Data for this task: Begin

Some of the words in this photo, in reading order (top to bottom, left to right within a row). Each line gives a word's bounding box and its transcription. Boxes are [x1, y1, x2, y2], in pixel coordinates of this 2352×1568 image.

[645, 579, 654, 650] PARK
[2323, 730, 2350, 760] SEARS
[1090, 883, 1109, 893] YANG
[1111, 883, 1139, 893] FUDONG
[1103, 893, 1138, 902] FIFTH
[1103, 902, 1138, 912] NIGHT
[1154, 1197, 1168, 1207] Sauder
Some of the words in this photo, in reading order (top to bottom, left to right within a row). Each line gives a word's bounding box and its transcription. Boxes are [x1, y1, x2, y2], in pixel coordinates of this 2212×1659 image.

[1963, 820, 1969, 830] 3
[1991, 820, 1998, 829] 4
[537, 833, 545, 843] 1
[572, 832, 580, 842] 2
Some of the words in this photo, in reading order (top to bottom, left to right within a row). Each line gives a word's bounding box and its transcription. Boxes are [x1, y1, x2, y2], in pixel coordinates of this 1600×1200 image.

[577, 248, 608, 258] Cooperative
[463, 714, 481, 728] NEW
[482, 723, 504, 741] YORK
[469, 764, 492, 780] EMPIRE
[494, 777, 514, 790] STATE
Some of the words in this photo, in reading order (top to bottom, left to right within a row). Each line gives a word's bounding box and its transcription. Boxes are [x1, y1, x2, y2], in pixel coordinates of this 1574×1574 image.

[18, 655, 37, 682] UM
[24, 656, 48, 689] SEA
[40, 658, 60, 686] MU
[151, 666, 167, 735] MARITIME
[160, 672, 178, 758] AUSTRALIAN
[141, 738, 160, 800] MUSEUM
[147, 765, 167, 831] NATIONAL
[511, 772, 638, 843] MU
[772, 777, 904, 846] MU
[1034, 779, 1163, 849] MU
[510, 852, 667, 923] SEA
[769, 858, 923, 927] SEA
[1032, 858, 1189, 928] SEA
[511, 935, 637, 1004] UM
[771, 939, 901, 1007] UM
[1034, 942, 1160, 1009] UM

Data for this task: End

* **Task requirements**: Your answer must be an exact transcription of every record above.

* **Your solution**:
Some of the words in this photo, in reading order (top to bottom, left to right within a row). Each line gives a word's bounding box and its transcription. Boxes are [x1, y1, x2, y2], in pixel coordinates of this 2352×1568 image.

[645, 579, 654, 650] PARK
[2323, 730, 2350, 760] SEARS
[1090, 883, 1109, 893] YANG
[1111, 883, 1139, 893] FUDONG
[1103, 893, 1138, 902] FIFTH
[1103, 902, 1138, 912] NIGHT
[1154, 1197, 1168, 1207] Sauder
Some of the words in this photo, in reading order (top to bottom, left to right within a row). Each line gives a word's bounding box and its transcription. Boxes are [x1, y1, x2, y2], in pixel coordinates of this 2212×1659 image.

[1963, 820, 1969, 830] 3
[1991, 820, 1998, 829] 4
[537, 833, 545, 843] 1
[572, 832, 580, 842] 2
Some of the words in this photo, in reading order (top to bottom, left to right within a row). Each line gives a word's bounding box and its transcription. Boxes are [x1, y1, x2, y2], in pixel coordinates of this 1600×1200 image.

[577, 248, 608, 258] Cooperative
[463, 714, 481, 728] NEW
[482, 723, 504, 741] YORK
[469, 764, 492, 780] EMPIRE
[494, 777, 514, 790] STATE
Some of the words in this photo, in reading order (top to bottom, left to right within a row). Each line gives a word's bounding box and its transcription. Boxes are [x1, y1, x2, y2], in pixel coordinates of this 1574×1574 image.

[18, 655, 37, 682] UM
[24, 656, 48, 689] SEA
[40, 658, 60, 686] MU
[151, 666, 167, 735] MARITIME
[160, 672, 178, 758] AUSTRALIAN
[141, 738, 160, 800] MUSEUM
[147, 765, 167, 831] NATIONAL
[511, 772, 638, 843] MU
[772, 777, 904, 846] MU
[1034, 779, 1163, 849] MU
[510, 852, 667, 923] SEA
[769, 858, 923, 927] SEA
[1032, 858, 1189, 928] SEA
[511, 935, 637, 1004] UM
[771, 939, 901, 1007] UM
[1034, 942, 1160, 1009] UM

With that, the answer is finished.